There are decisions to be made. Mr Prodi needs a team of commissioners to oversee the reform of the Commission. Following the scandals the European parliament has won the right to vet the candidates put forward by the member states. It should use this right to ensure that member states appoint commissioners who are ready to do the job at hand, and not those who take their posts as a reward for past domestic service.

The new candidates should not be appointed before the European elections in June. The next parliament will not feel bound by the decisions of its predecessor and the vetting will have to be done again. Not until early September will the new MEPs get going on the hearings.

There are three categories of existing commissioners. The first includes Edith Cresson, who has been named and shamed in the report on the Commission's failures. She could not be reappointed in any circumstances. The second category includes commissioners such as Sir Leon Brittan, who have not been specifically criticised and who have indicated that they do not want to work beyond the end of the year. The third category comprises those such as Neil Kinnock who want to serve for the next five-year term.

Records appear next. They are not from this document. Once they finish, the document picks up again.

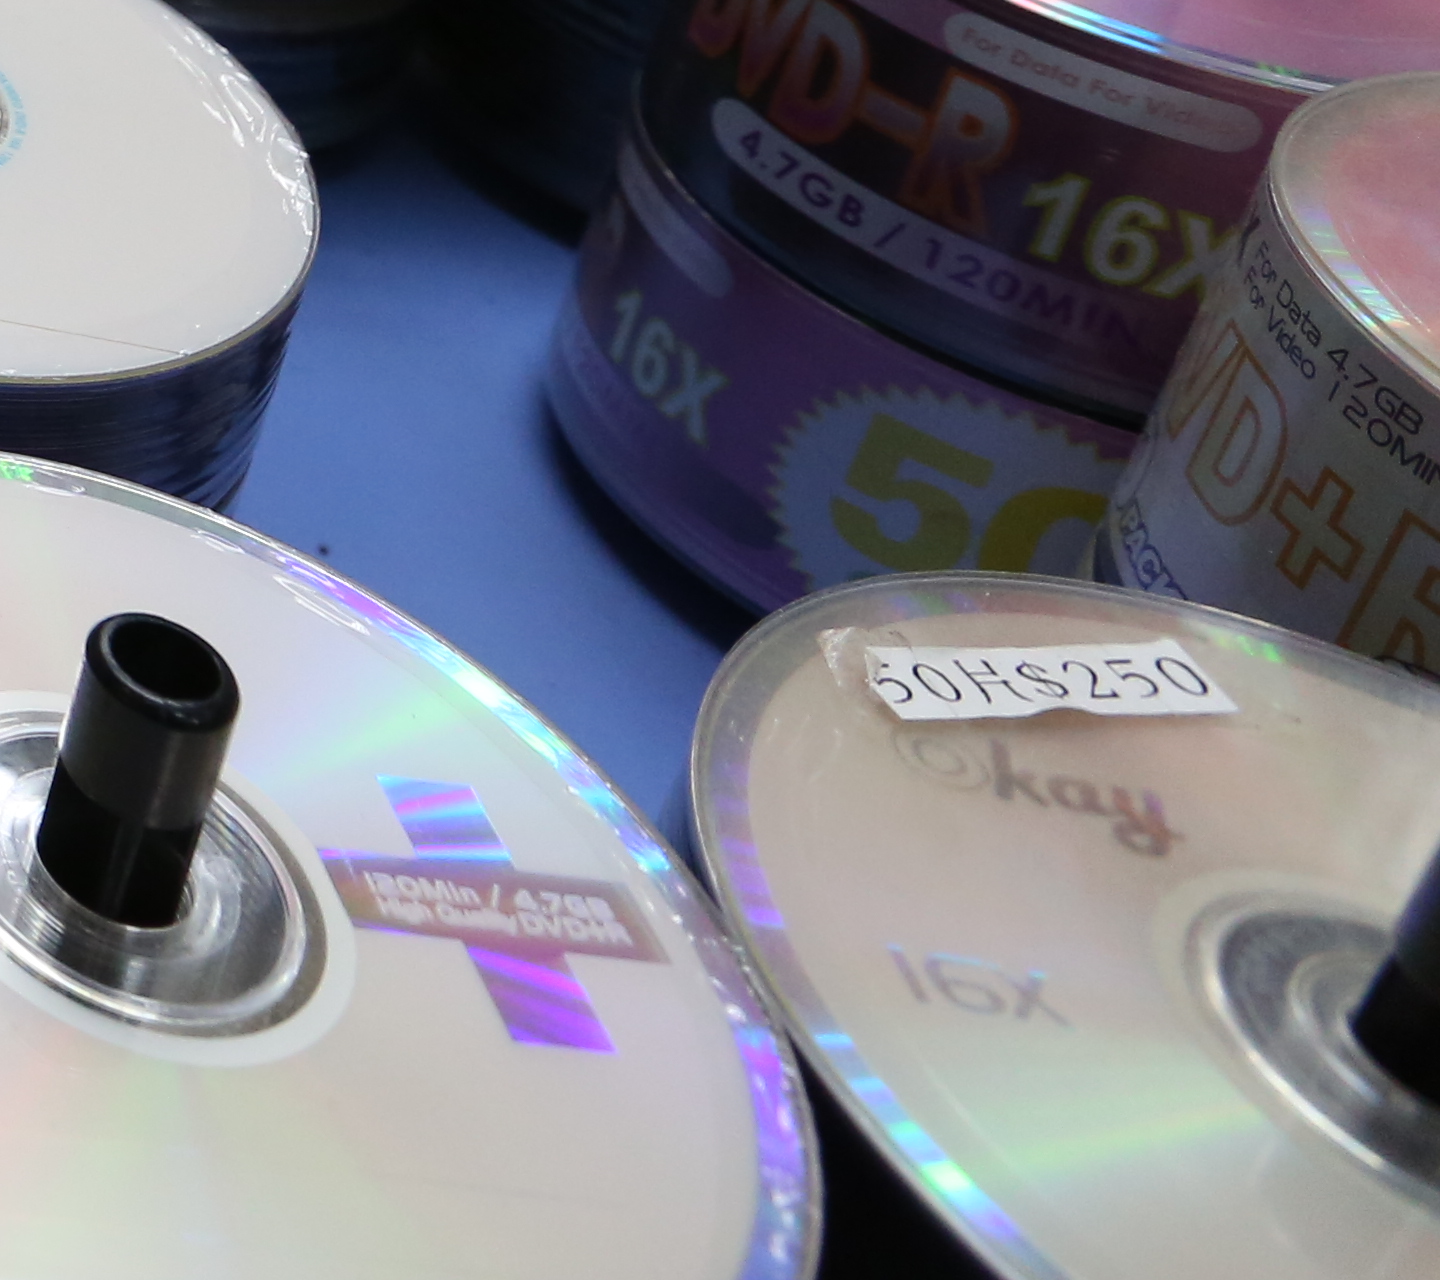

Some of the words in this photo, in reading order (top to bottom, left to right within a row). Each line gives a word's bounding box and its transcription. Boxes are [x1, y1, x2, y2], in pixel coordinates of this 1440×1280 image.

[739, 130, 864, 230] 4.7GB
[1021, 171, 1225, 305] 16X
[608, 289, 731, 450] 16X
[1264, 301, 1317, 382] Video
[1274, 278, 1323, 349] Data
[1326, 344, 1426, 437] 4.7GB
[887, 942, 1076, 1030] 16X
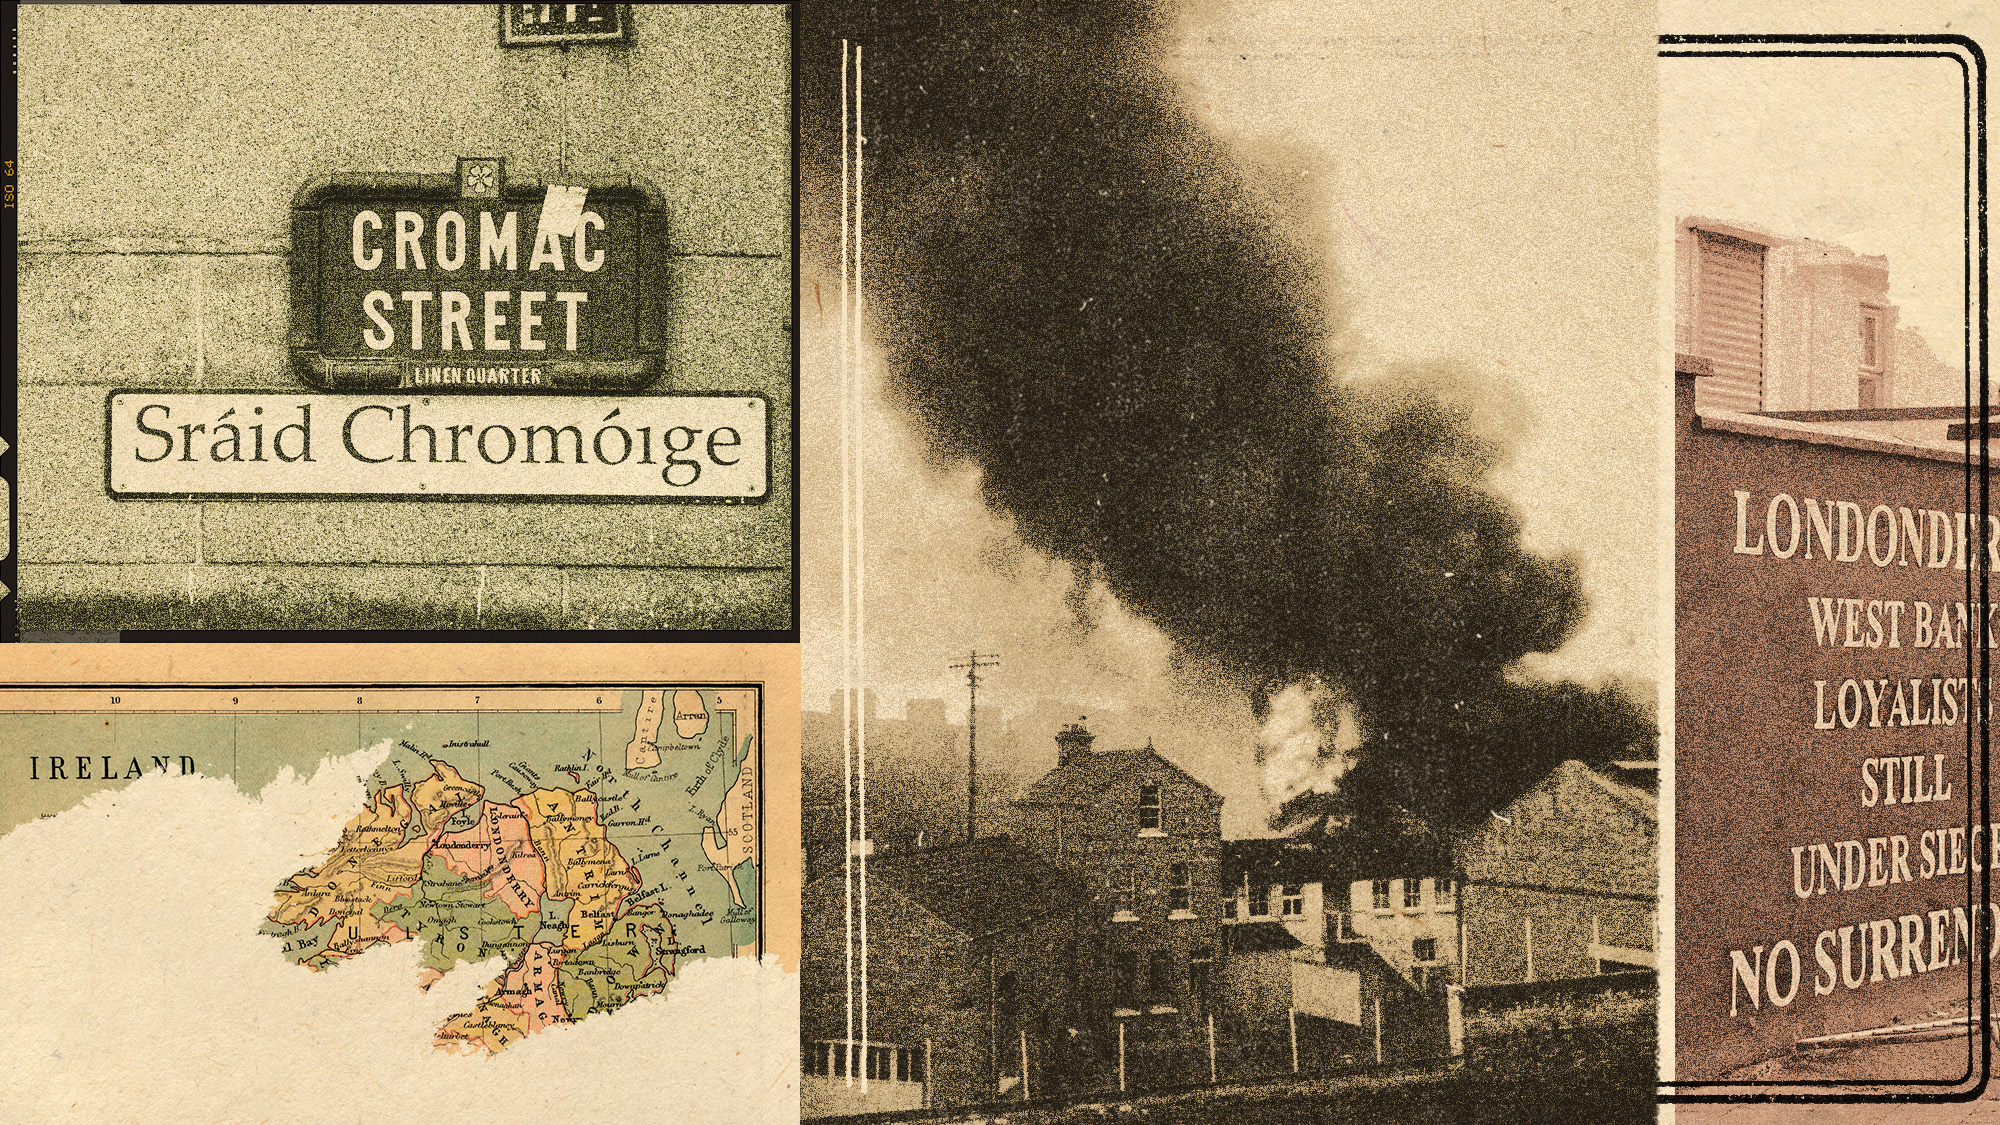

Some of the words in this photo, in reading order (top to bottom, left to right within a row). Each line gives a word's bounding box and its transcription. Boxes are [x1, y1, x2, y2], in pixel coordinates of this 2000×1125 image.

[4, 159, 14, 177] 64
[4, 184, 15, 209] ISO
[352, 210, 605, 272] CROMAC
[363, 290, 588, 350] STREET
[415, 367, 462, 384] LINEN
[466, 367, 542, 384] QUARTER
[136, 404, 317, 463] Sráid
[1808, 598, 1905, 649] WEST
[1913, 601, 1999, 649] BANK
[110, 696, 121, 705] 10
[232, 697, 239, 705] 9
[356, 696, 363, 705] 8
[474, 696, 481, 704] 7
[596, 696, 603, 704] 6
[716, 696, 723, 704] 5
[675, 711, 707, 720] Arran
[710, 736, 730, 763] Clyde
[554, 764, 582, 772] Rathlin
[1861, 754, 1951, 808] STILL
[575, 794, 623, 805] Ballycastle
[741, 767, 754, 854] SCOTLAND
[451, 816, 476, 827] Foyle
[728, 828, 739, 836] 55
[435, 840, 492, 852] Londonderry
[490, 807, 535, 908] LONDONDERRY
[1791, 834, 1913, 899] UNDER
[651, 825, 713, 926] Channel
[625, 887, 660, 908] Belfast
[420, 901, 455, 909] Newtown
[455, 901, 487, 909] Stewart
[581, 910, 615, 919] Belfast
[661, 909, 715, 920] Donaghadee
[540, 921, 570, 932] Neagh
[299, 935, 319, 951] Bay
[1729, 940, 1801, 1017] NO
[496, 986, 532, 998] Armagh
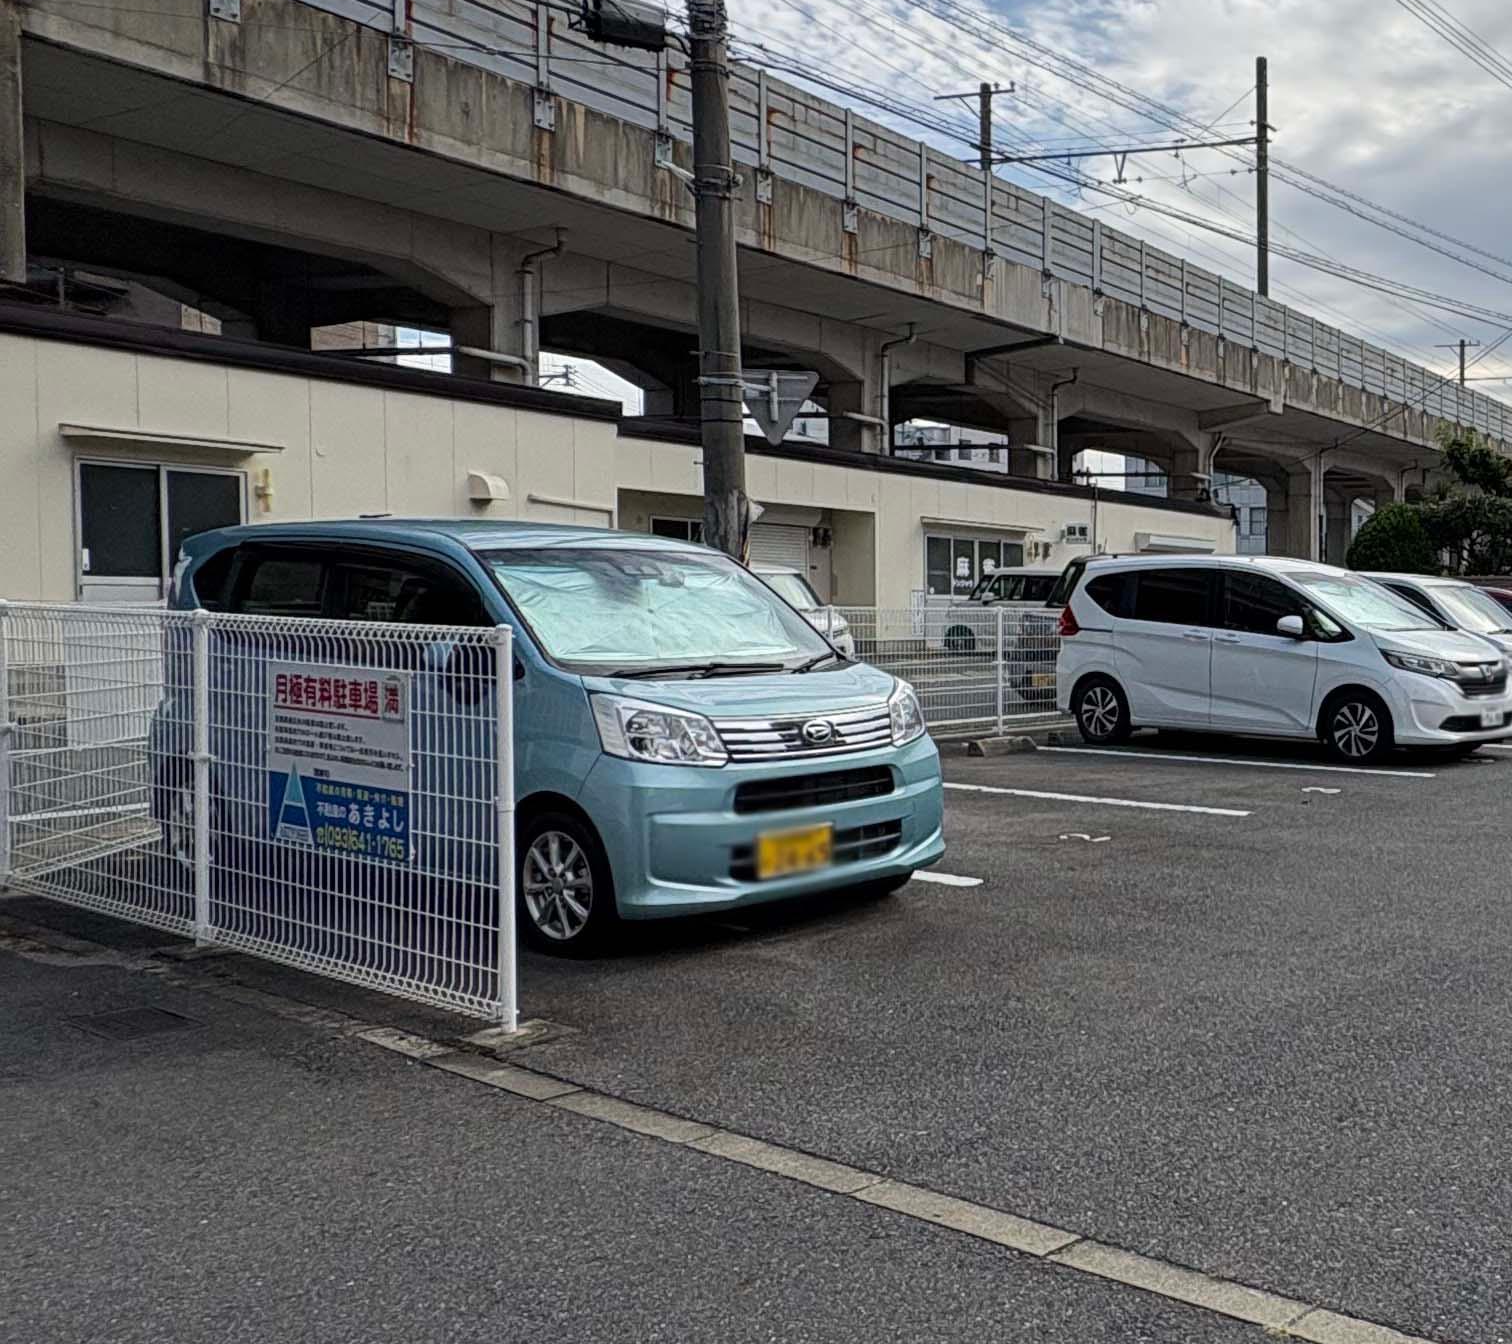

So Mr Prodi has a choice in September. Why should untainted commissioners such as Mr Kinnock be blamed for the malfeasance of others? Furthermore, as Sir Leon has argued, experienced people are needed during this period of the banana troubles and the war in Kosovo.

Mr Prodi should reject such arguments, however. The report that led to the mass resignation stressed that the Commission is a collective body and implicitly criticised all of the commissioners. By sacking all of them and having a new set starting in September, Mr Prodi would have a team that would be acceptable to both the member states and the parliament. This would enable the Commission to push ahead with such neglected tasks as appointing someone to bring together common foreign and security policy, as announced in the Amsterdam Treaty. If the EU is to rebut charges of being an economic lion but a military mouse, such an appointment is overdue.